L’autre grand sujet de ces rencontres sera l’intelligence artificielle. Là encore, les fantasmes sont nombreux. Les professionnels, eux, voient surtout un outil capable de leur faire gagner du temps. «L’IA ne remplace pas l’expertise, souligne Lilian Nordet, directrice de HUB+ (ndlr: une association indépendante qui fédère les principaux métiers de la gestion de fortune et du conseil financier). Elle permet surtout d’automatiser certaines tâches, afin que les professionnels puissent consacrer davantage de temps au conseil, à la stratégie et à la relation avec leurs clients.» 

Il ne s’agit pas ici d’une rupture, mais d’une «évolution logique». Avec une mission qui reste la même: accompagner les familles, protéger leur patrimoine et préparer les transmissions entre générations.

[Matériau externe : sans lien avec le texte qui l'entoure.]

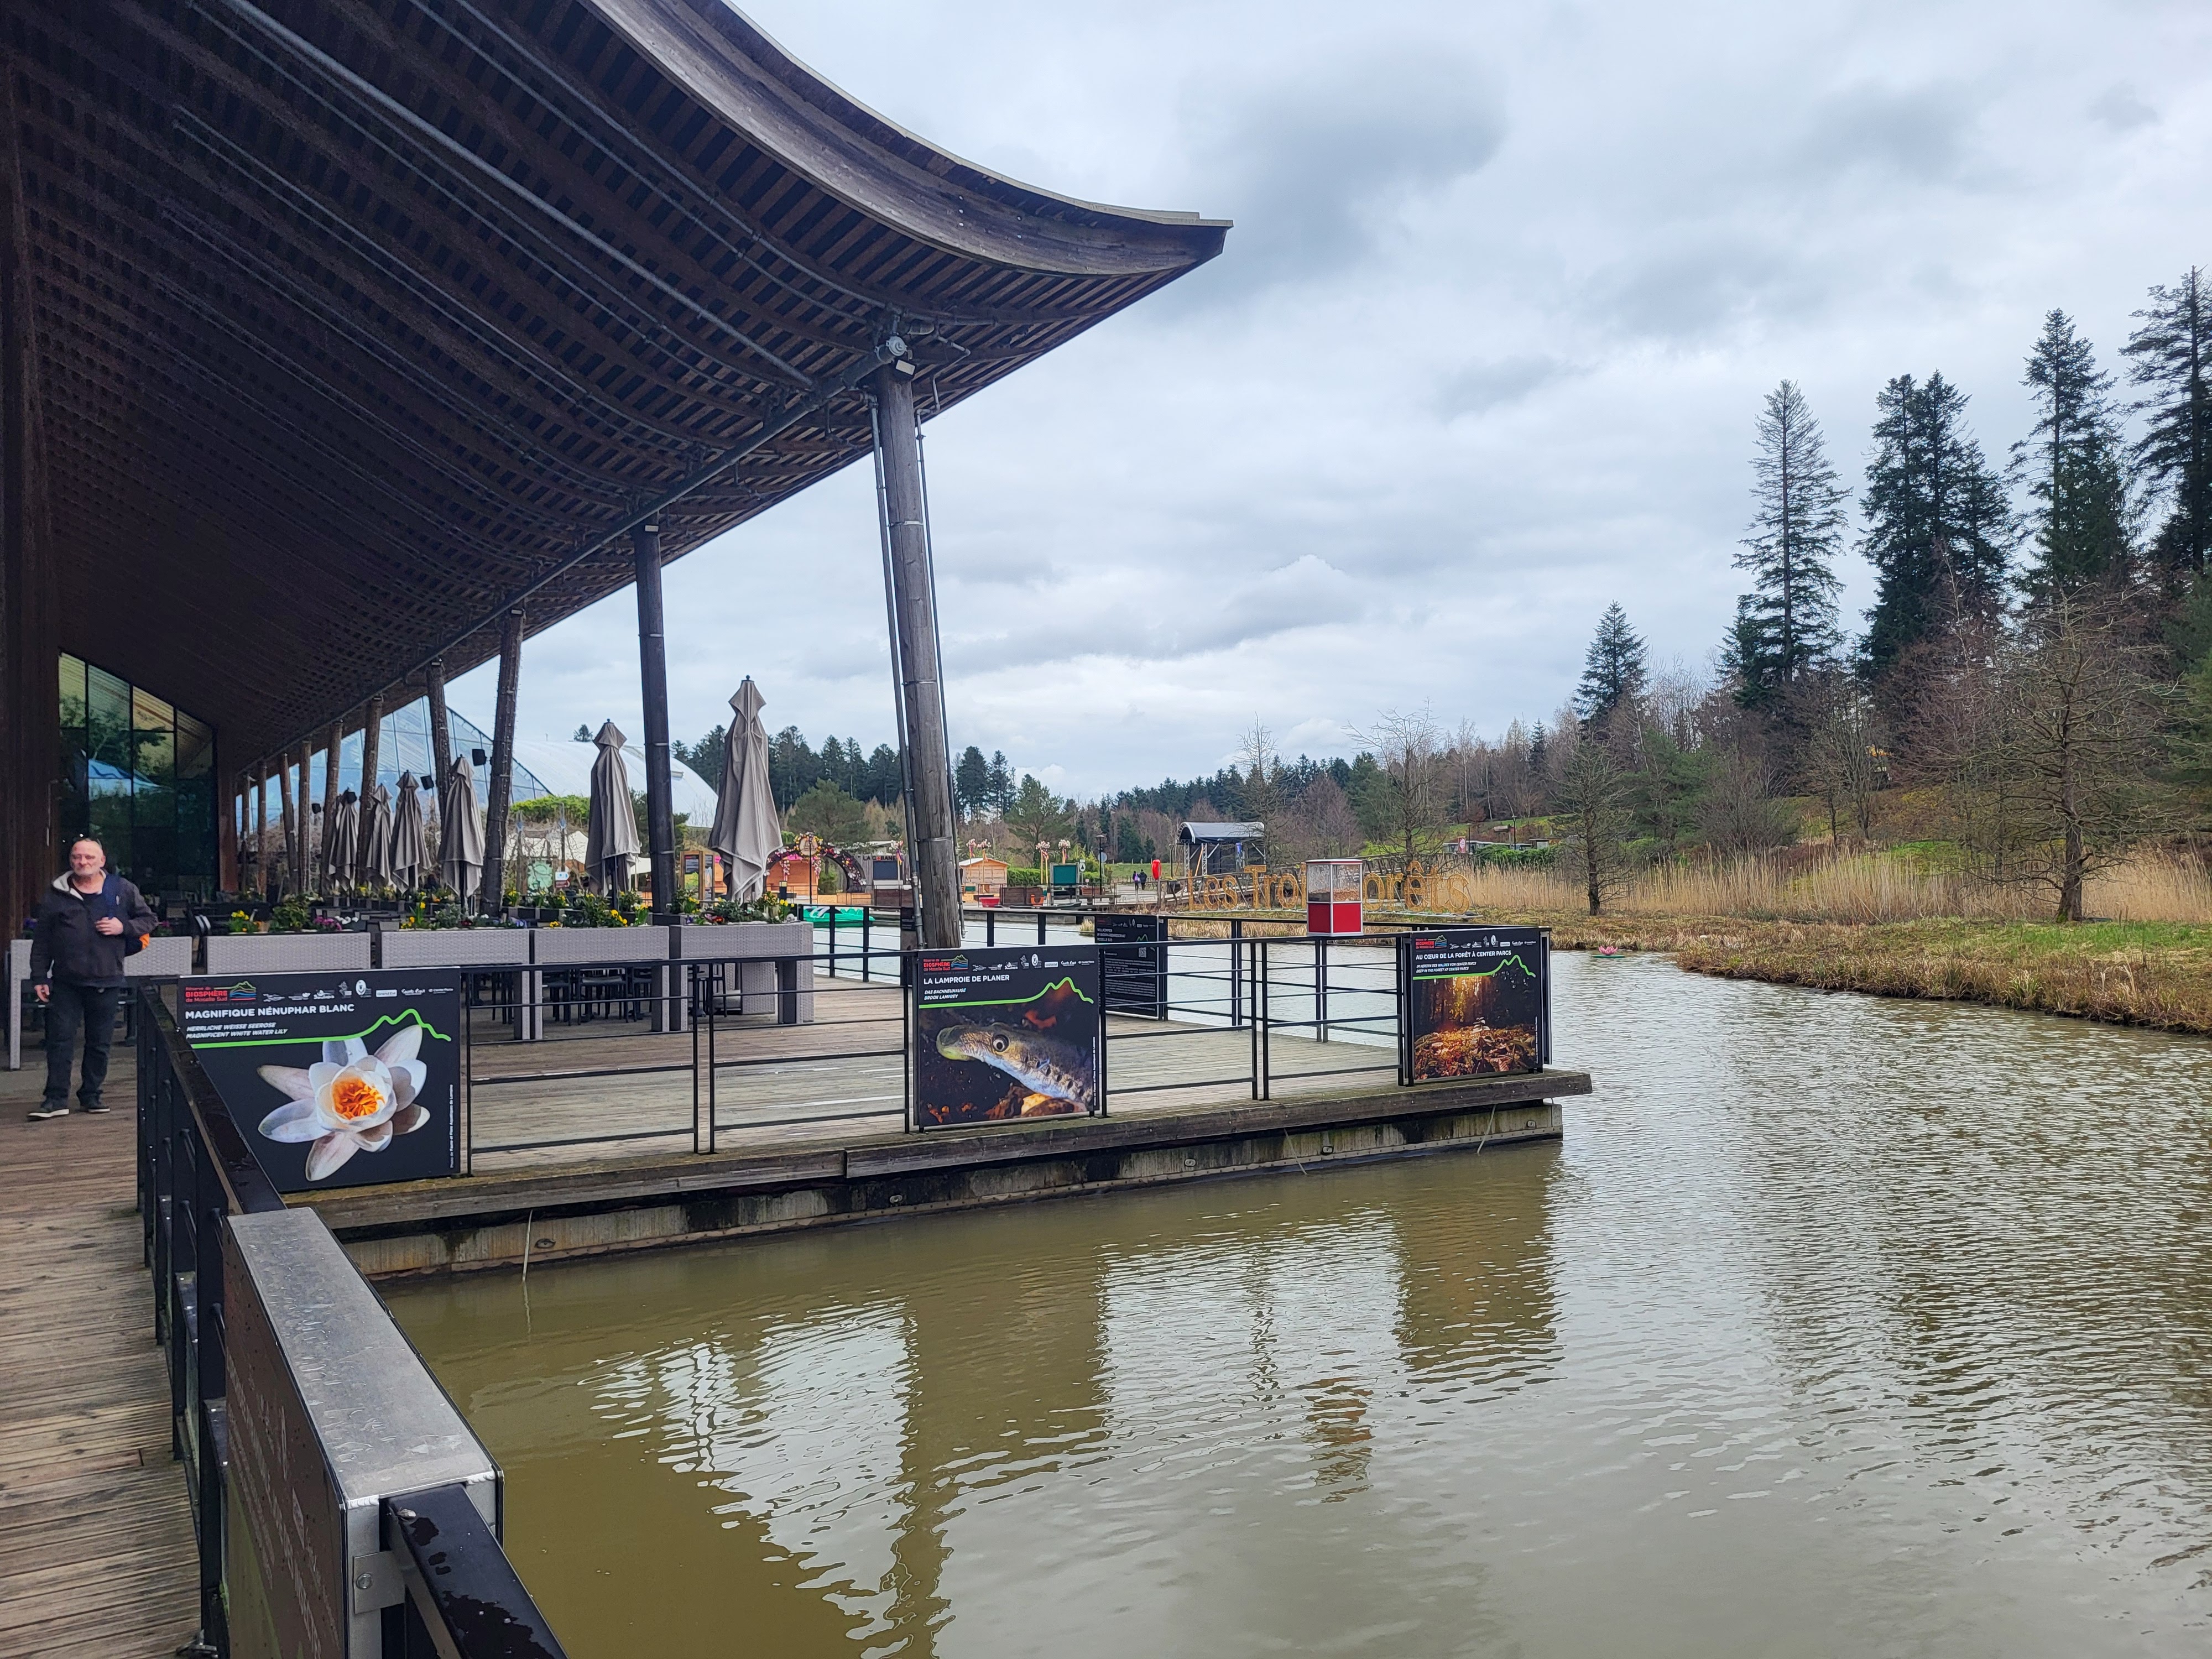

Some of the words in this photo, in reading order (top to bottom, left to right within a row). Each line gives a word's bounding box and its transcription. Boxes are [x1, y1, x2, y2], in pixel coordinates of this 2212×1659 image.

[1188, 869, 1238, 910] Les
[1244, 862, 1307, 909] Troi
[1363, 860, 1469, 914] orêts
[935, 976, 970, 984] LAMPROIE
[185, 1008, 255, 1020] MAGNIFIQUE
[258, 1006, 317, 1016] NÉNUPHAR
[319, 1004, 354, 1014] BLANC
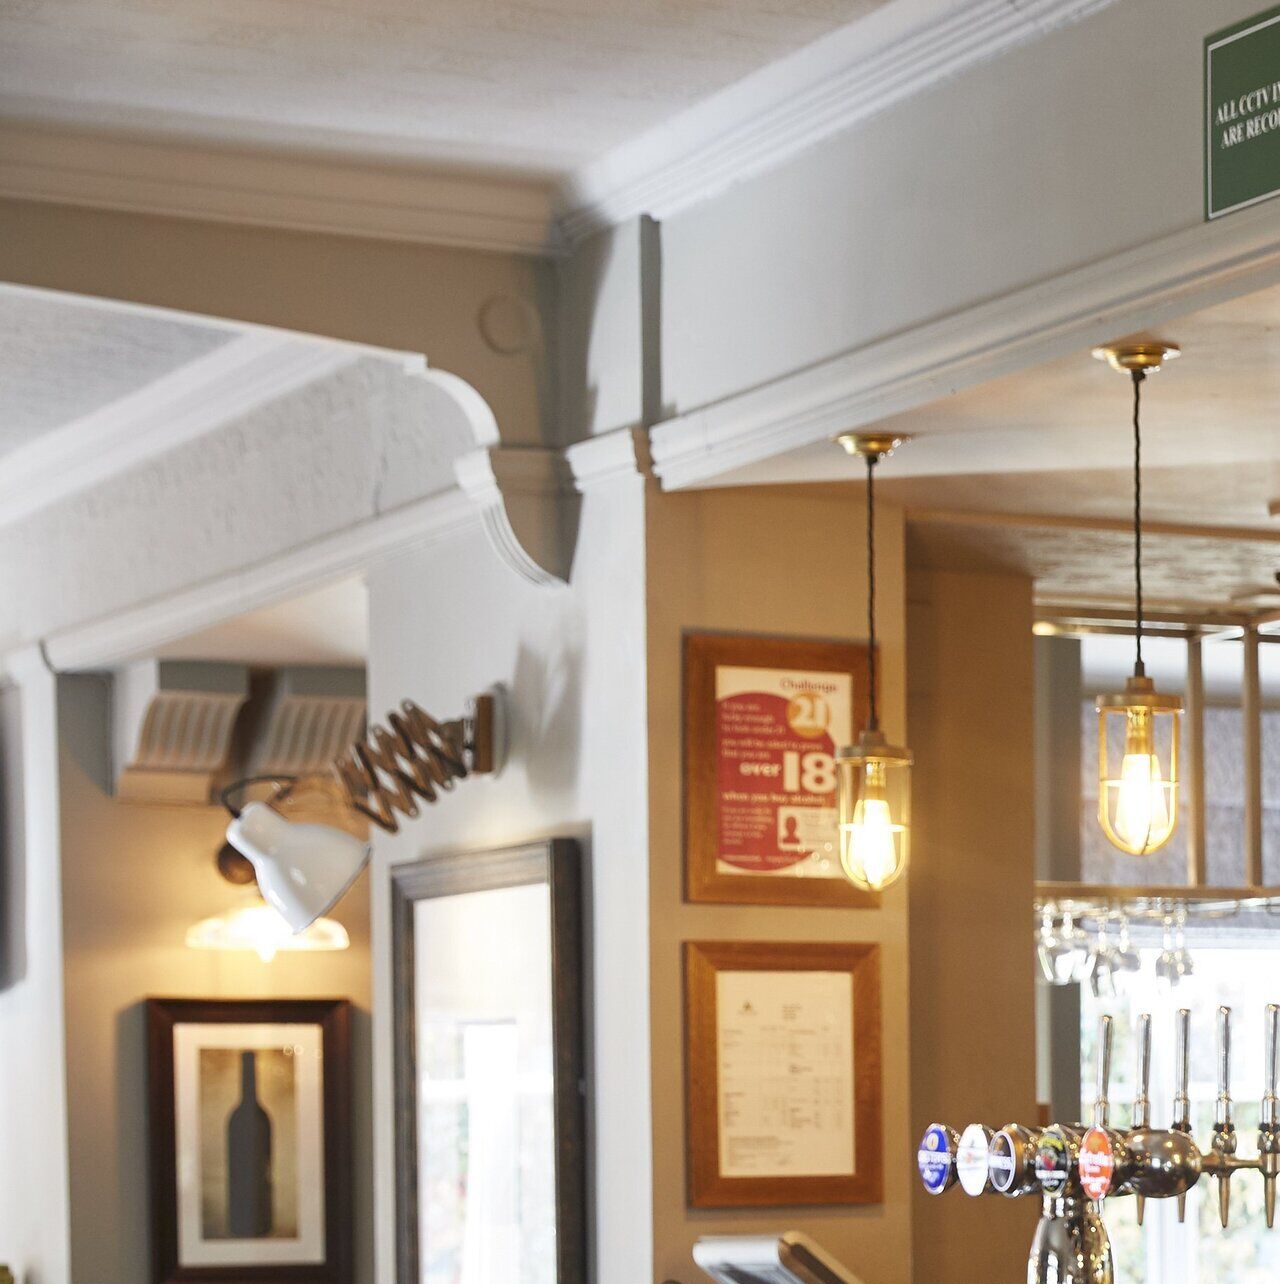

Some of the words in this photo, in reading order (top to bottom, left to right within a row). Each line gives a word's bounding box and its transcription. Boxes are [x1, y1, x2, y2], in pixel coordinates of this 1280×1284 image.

[1215, 101, 1239, 126] ALL
[1239, 85, 1272, 116] CCTV
[1221, 123, 1244, 149] ARE
[781, 679, 838, 694] Challenge
[795, 695, 826, 728] 21
[740, 762, 781, 777] over
[782, 751, 837, 794] 18
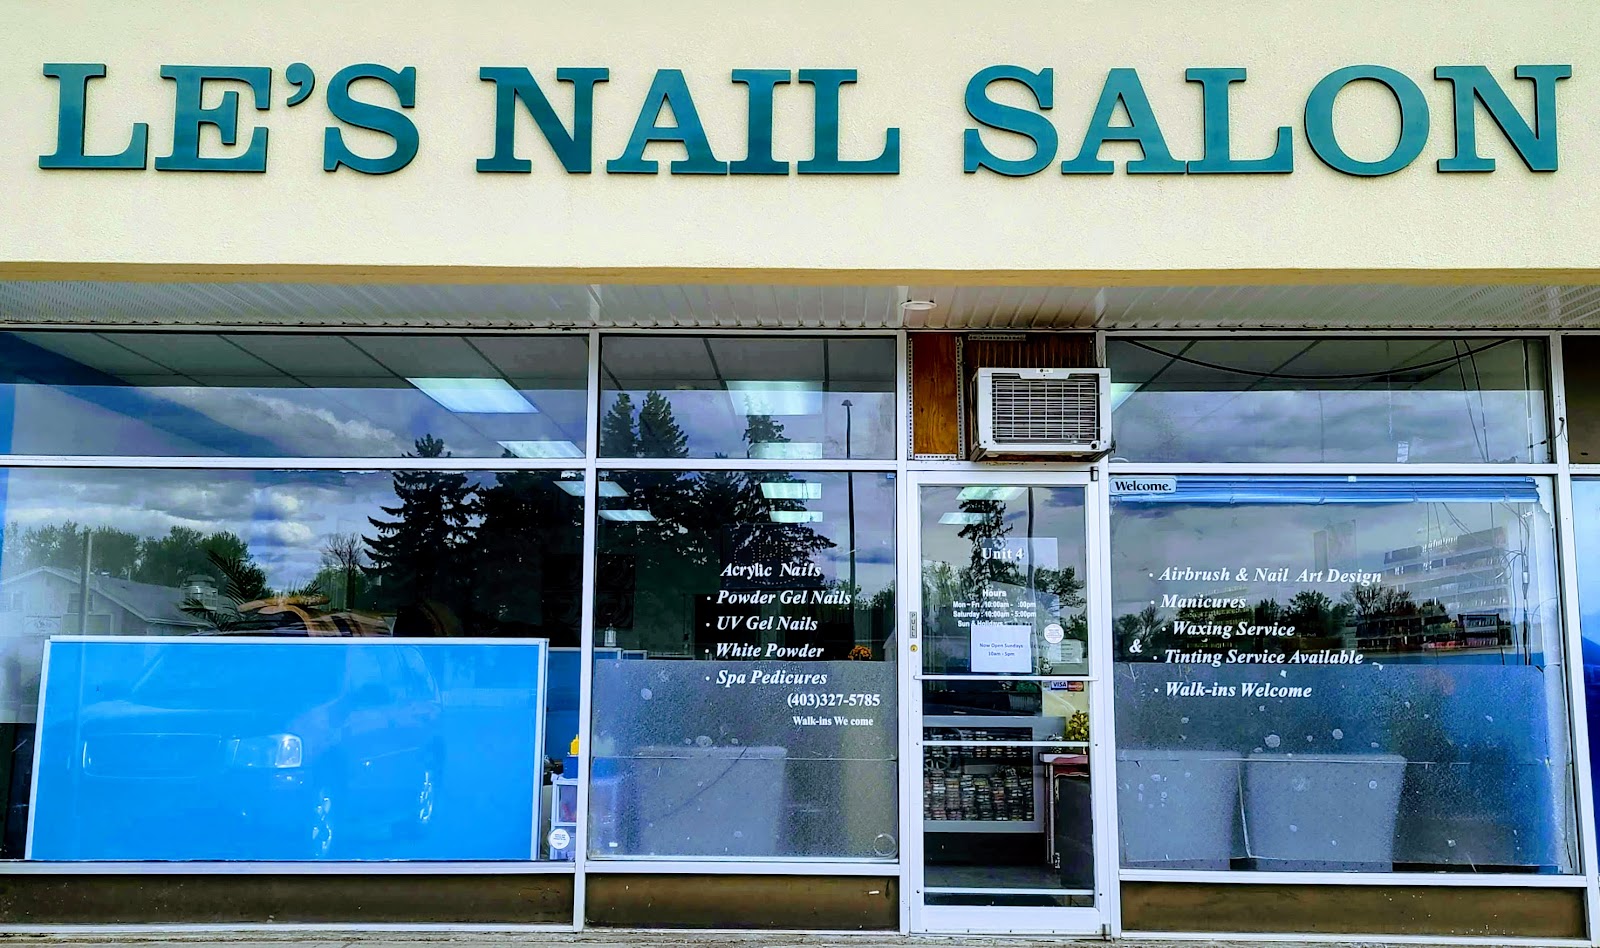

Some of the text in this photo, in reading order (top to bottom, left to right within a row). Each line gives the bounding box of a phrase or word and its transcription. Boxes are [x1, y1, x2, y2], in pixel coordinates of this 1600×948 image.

Une manière de rappeler qu’au-delà des algorithmes ou de l’IA, la finance reste avant tout une affaire humaine. 

Se projeter en 2035

Comment l’argent circulera-t-il demain? Les banques fonctionneront-elles autrement? Les nouvelles technologies remplaceront-elles certains métiers ou permettront-elles surtout d’en créer de nouveaux? 

Pour tenter d’éclairer ces questionnements, les discussions débuteront par un retour sur plus de deux siècles d’histoire de la place financière suisse, avant de s’achever sur une question simple: à quoi ressemblera-t-elle en 2035? «La Suisse a toujours su se réinventer, déclare Marc Lebel. Chaque grande évolution technologique a été une opportunité. Nous sommes aujourd’hui à un nouveau tournant.»

Plus d’infos: edelvault.com/montreux-tek/

Le programme complet et les discussions seront aussi accessibles en ligne. Un rapport, publié en septembre, rassemblera les principales réflexions issues de ces rencontres.